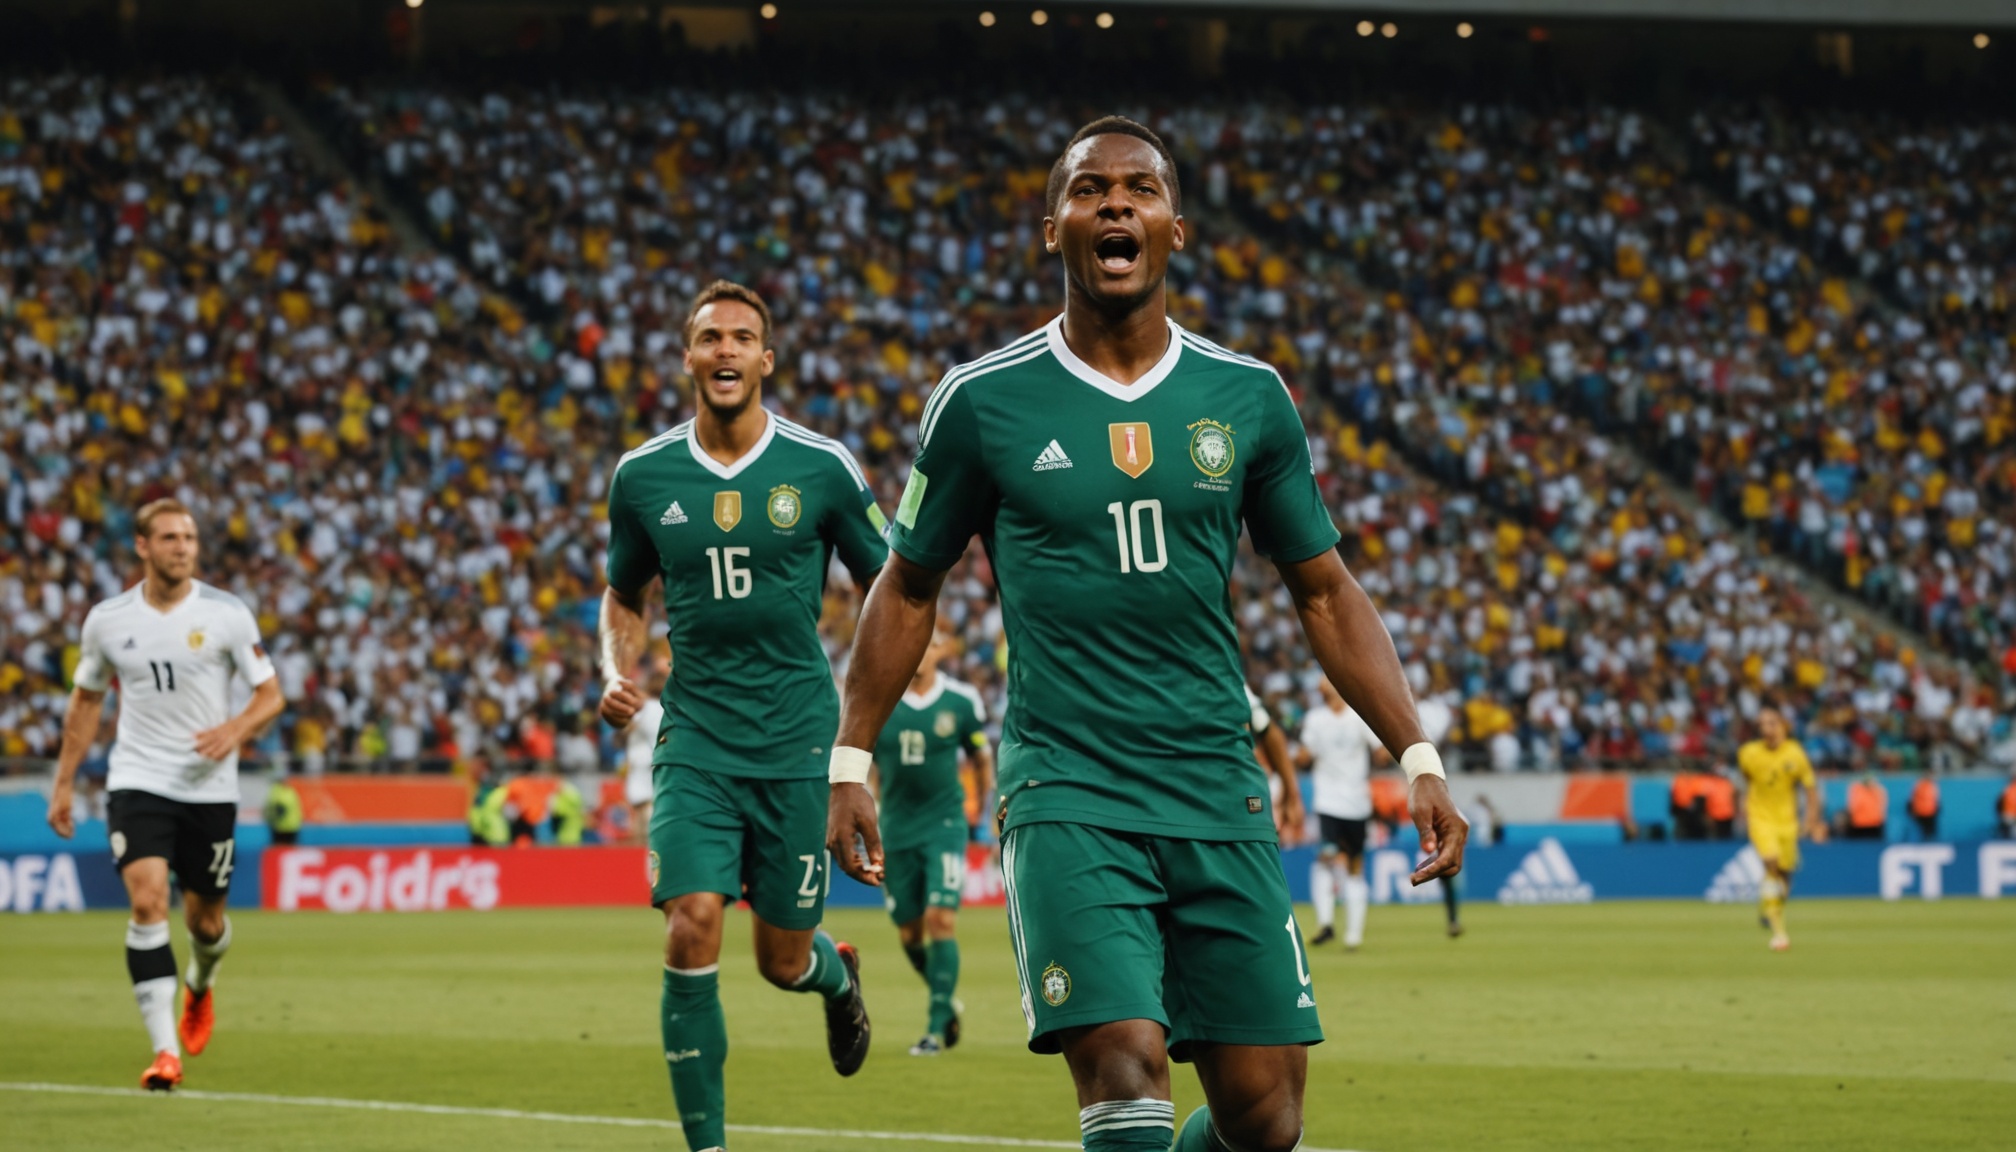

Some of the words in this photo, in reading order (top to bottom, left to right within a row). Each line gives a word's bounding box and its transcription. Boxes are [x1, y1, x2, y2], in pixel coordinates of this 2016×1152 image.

[1107, 499, 1168, 574] 10
[705, 547, 752, 600] 16
[149, 660, 175, 692] 11
[1880, 843, 1955, 902] FT
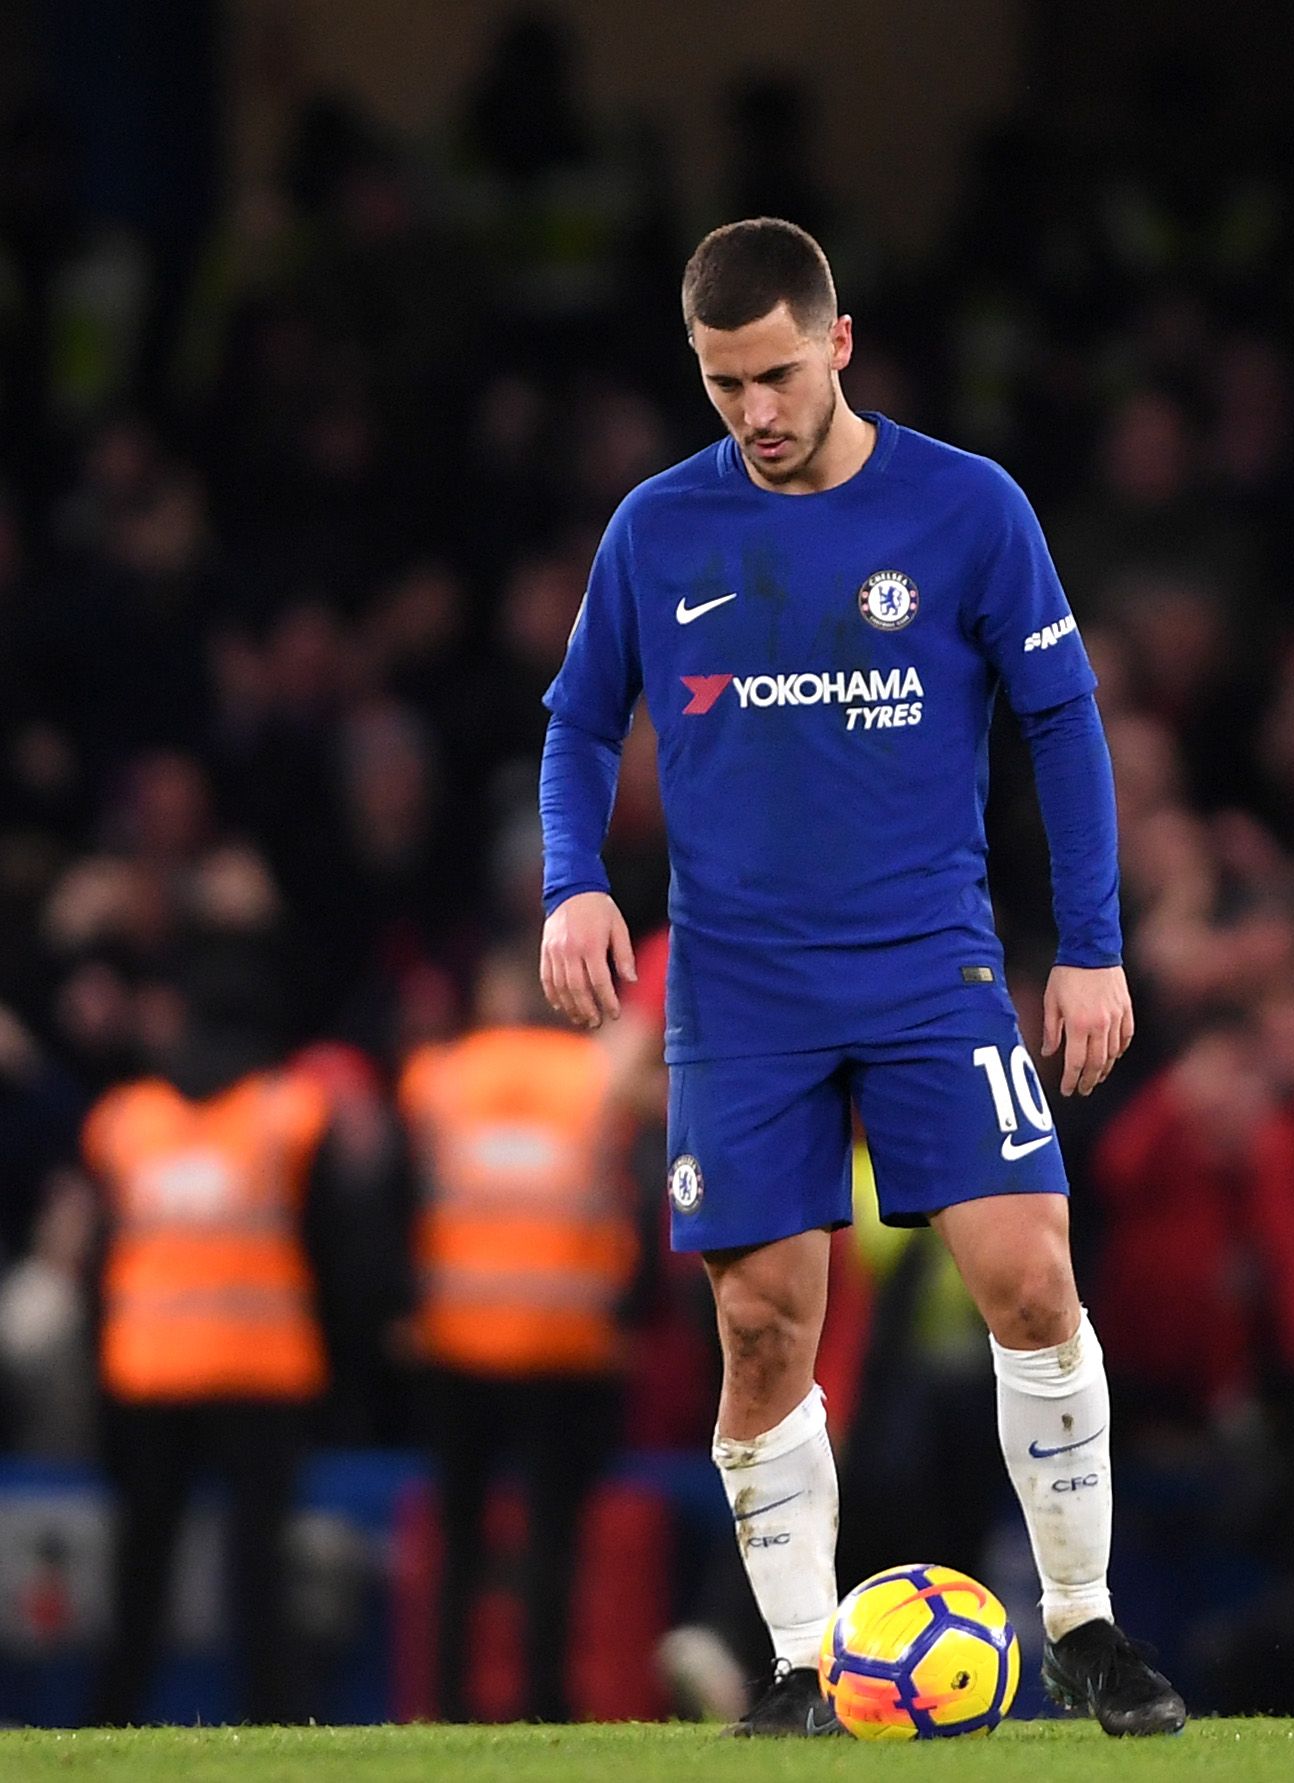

--*--

If a record contains a picture, drop the picture and repeat the rest exactly.

Some of the words in this photo, in reading order (top to bottom, left to right within a row). Each line gives a word's bounding box and its transcription. Boxes are [x1, y1, x2, y2], in pixel coordinates of this 2016×1152 image.

[1107, 499, 1168, 574] 10
[705, 547, 752, 600] 16
[149, 660, 175, 692] 11
[1880, 843, 1955, 902] FT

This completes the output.